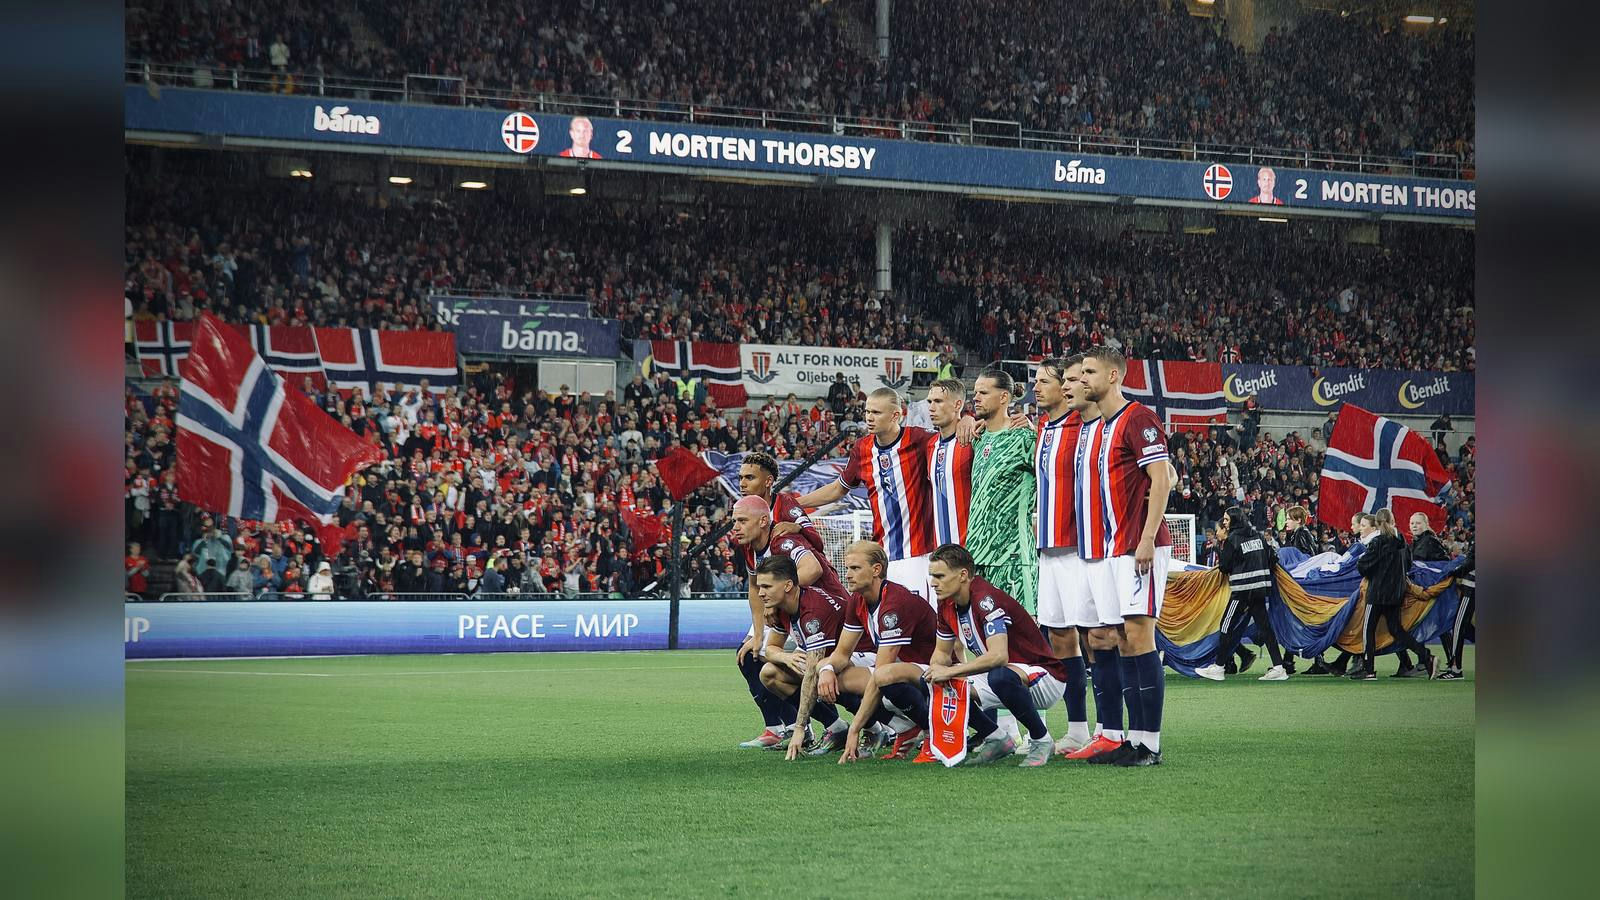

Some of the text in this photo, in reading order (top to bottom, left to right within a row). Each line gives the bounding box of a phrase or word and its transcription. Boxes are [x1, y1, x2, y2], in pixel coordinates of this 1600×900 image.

[615, 130, 876, 170] 2 MORTEN THORSBY
[1294, 178, 1308, 200] 2
[1321, 180, 1408, 206] MORTEN
[501, 320, 579, 352] bama
[776, 352, 879, 368] ALT FOR NORGE
[796, 370, 861, 385] Oljebeet
[1234, 369, 1278, 396] Bendit
[1323, 373, 1366, 399] Bendit
[1409, 376, 1451, 402] Bendit
[458, 614, 546, 639] PEACE
[575, 613, 639, 637] МИР
[986, 621, 996, 636] C
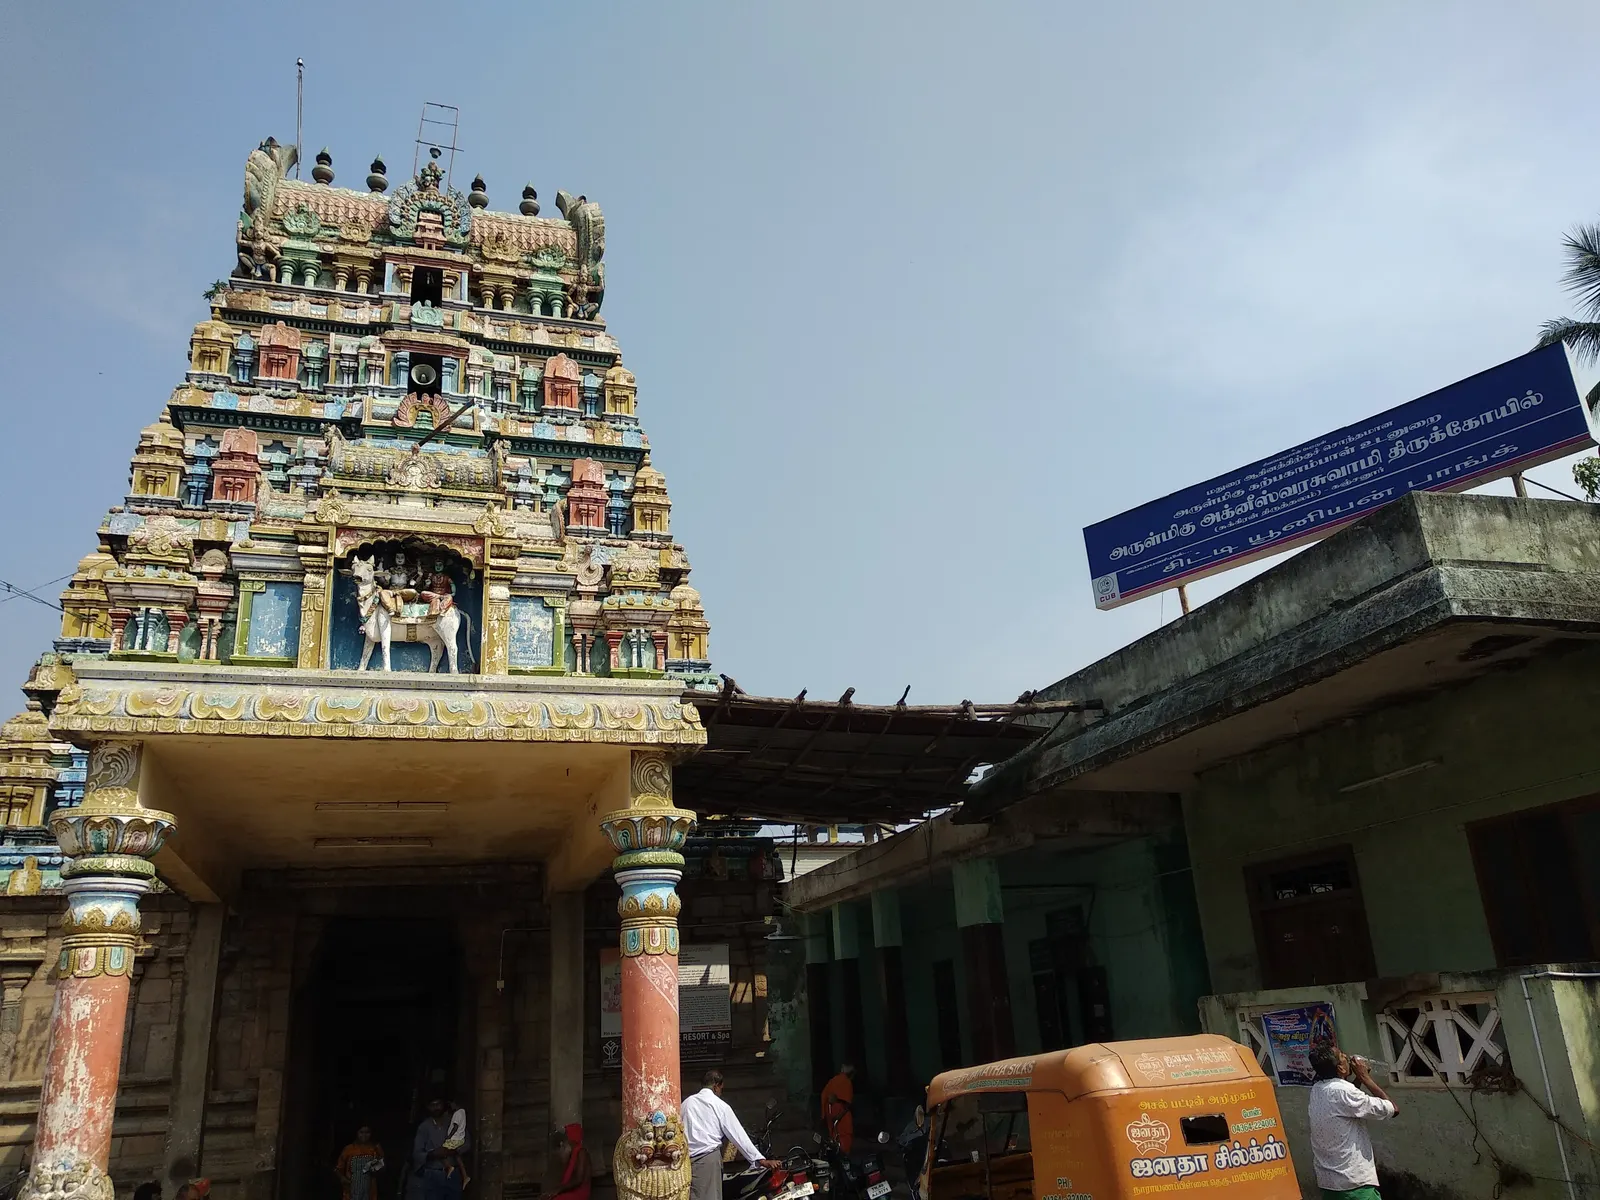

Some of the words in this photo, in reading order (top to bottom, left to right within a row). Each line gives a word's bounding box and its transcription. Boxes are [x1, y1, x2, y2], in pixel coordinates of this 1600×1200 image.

[1109, 521, 1196, 561] அருள்மிகு
[1200, 448, 1383, 528] அக்னீஸ்வரசுவாமி
[1387, 389, 1544, 464] திருக்கோயில்
[1173, 487, 1246, 519] அருள்மிகு
[1248, 445, 1356, 492] கற்பகாம்பாள்
[1360, 414, 1442, 450] உடனுறை
[1206, 478, 1242, 496] மதுரை
[1323, 420, 1394, 452] சொந்தமான
[1162, 545, 1239, 573] சிட்டி
[1248, 487, 1395, 546] யூனியன்
[1407, 443, 1519, 489] பாங்க்
[1099, 592, 1117, 603] CUB
[682, 1032, 710, 1041] RESORT
[717, 1031, 730, 1041] Spa
[1007, 1060, 1036, 1076] SILKS
[1138, 1097, 1169, 1111] அசல்
[1207, 1088, 1257, 1106] அறிமுகம்
[1131, 1126, 1166, 1140] ஜனதா
[1131, 1154, 1208, 1180] ஜனதா
[1214, 1134, 1287, 1170] சில்க்ஸ்

----

- [What you are asked to do] If an entry holds a picture, skip the picture and print the rest of the data exactly.

- [Exercise answer]
Some of the text in this photo, in reading order (top to bottom, left to right within a row). Each line gives the bounding box of a phrase or word and its transcription. Boxes are [x1, y1, x2, y2], in pixel coordinates of this 1600×900 image.

[615, 130, 876, 170] 2 MORTEN THORSBY
[1294, 178, 1308, 200] 2
[1321, 180, 1408, 206] MORTEN
[501, 320, 579, 352] bama
[776, 352, 879, 368] ALT FOR NORGE
[796, 370, 861, 385] Oljebeet
[1234, 369, 1278, 396] Bendit
[1323, 373, 1366, 399] Bendit
[1409, 376, 1451, 402] Bendit
[458, 614, 546, 639] PEACE
[575, 613, 639, 637] МИР
[986, 621, 996, 636] C

Some of the words in this photo, in reading order (top to bottom, left to right within a row). Each line gives a word's bounding box and its transcription. Boxes are [x1, y1, x2, y2], in pixel coordinates of this 1600×1200 image.

[1109, 521, 1196, 561] அருள்மிகு
[1200, 448, 1383, 528] அக்னீஸ்வரசுவாமி
[1387, 389, 1544, 464] திருக்கோயில்
[1173, 487, 1246, 519] அருள்மிகு
[1248, 445, 1356, 492] கற்பகாம்பாள்
[1360, 414, 1442, 450] உடனுறை
[1206, 478, 1242, 496] மதுரை
[1323, 420, 1394, 452] சொந்தமான
[1162, 545, 1239, 573] சிட்டி
[1248, 487, 1395, 546] யூனியன்
[1407, 443, 1519, 489] பாங்க்
[1099, 592, 1117, 603] CUB
[682, 1032, 710, 1041] RESORT
[717, 1031, 730, 1041] Spa
[1007, 1060, 1036, 1076] SILKS
[1138, 1097, 1169, 1111] அசல்
[1207, 1088, 1257, 1106] அறிமுகம்
[1131, 1126, 1166, 1140] ஜனதா
[1131, 1154, 1208, 1180] ஜனதா
[1214, 1134, 1287, 1170] சில்க்ஸ்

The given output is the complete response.